Task objective
All of the entries below need repeating exactly, apart from their images.

Materials provided

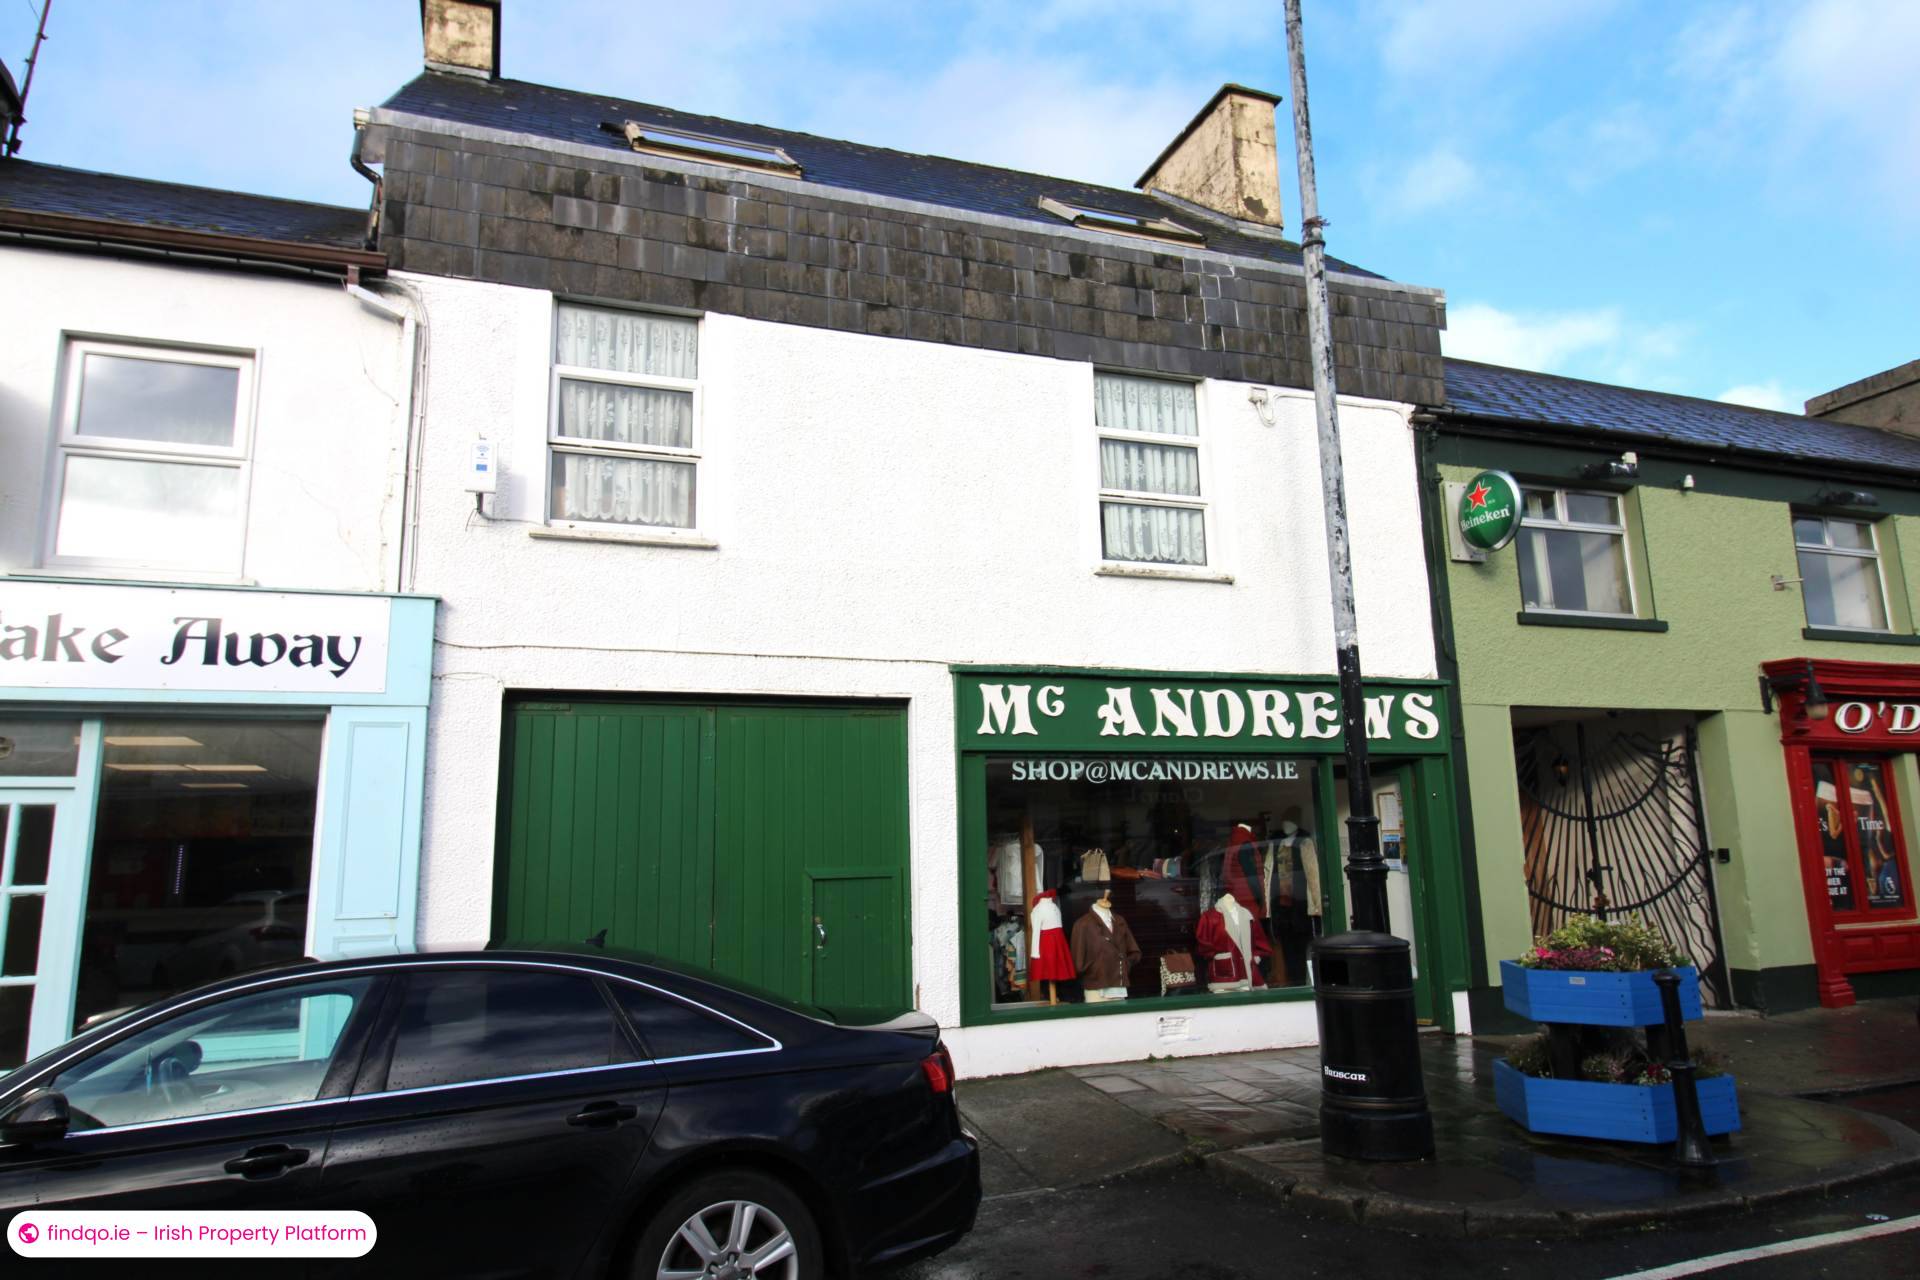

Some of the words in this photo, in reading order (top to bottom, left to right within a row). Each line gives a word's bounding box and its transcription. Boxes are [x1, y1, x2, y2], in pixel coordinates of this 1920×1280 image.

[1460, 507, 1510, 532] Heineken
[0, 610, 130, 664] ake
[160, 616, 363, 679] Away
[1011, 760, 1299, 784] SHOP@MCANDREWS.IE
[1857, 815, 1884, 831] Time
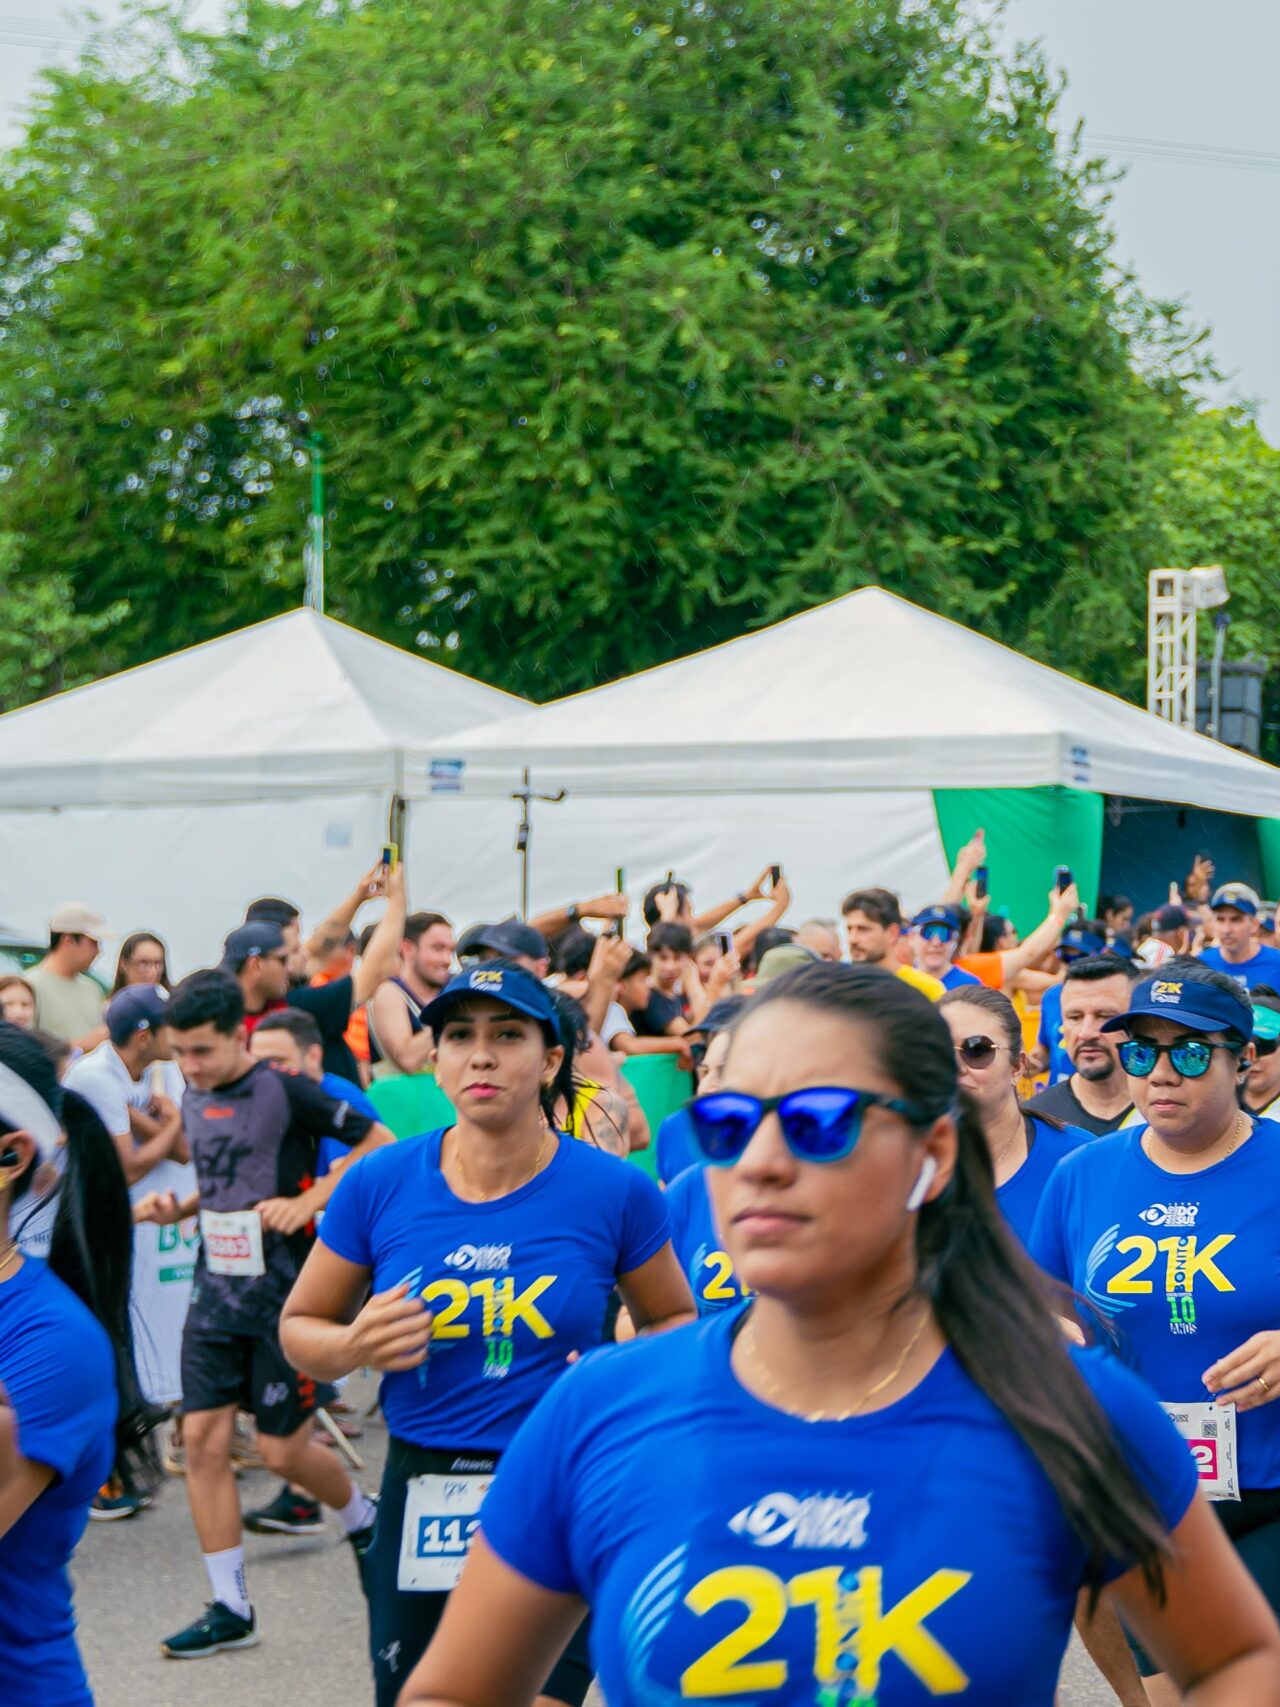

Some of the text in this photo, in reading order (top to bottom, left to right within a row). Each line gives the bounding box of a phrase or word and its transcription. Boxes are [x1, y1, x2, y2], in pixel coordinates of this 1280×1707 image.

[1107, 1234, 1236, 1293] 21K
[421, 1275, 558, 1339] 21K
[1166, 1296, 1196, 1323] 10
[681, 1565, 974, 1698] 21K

Answer
Some of the words in this photo, in reading order (top to bottom, left to right within a row). Each line gives a word's bounding box and its transcription. Boxes are [x1, y1, x2, y2], in pixel coordinates of this 1920×1280 image.

[1460, 507, 1510, 532] Heineken
[0, 610, 130, 664] ake
[160, 616, 363, 679] Away
[1011, 760, 1299, 784] SHOP@MCANDREWS.IE
[1857, 815, 1884, 831] Time

Some of the text in this photo, in reading order (top to bottom, left to right within a row). Each line gives the bounding box of a phrase or word and its transcription. Boxes are [x1, y1, x2, y2], in pixel coordinates of this 1280×1707 image.

[1107, 1234, 1236, 1293] 21K
[421, 1275, 558, 1339] 21K
[1166, 1296, 1196, 1323] 10
[681, 1565, 974, 1698] 21K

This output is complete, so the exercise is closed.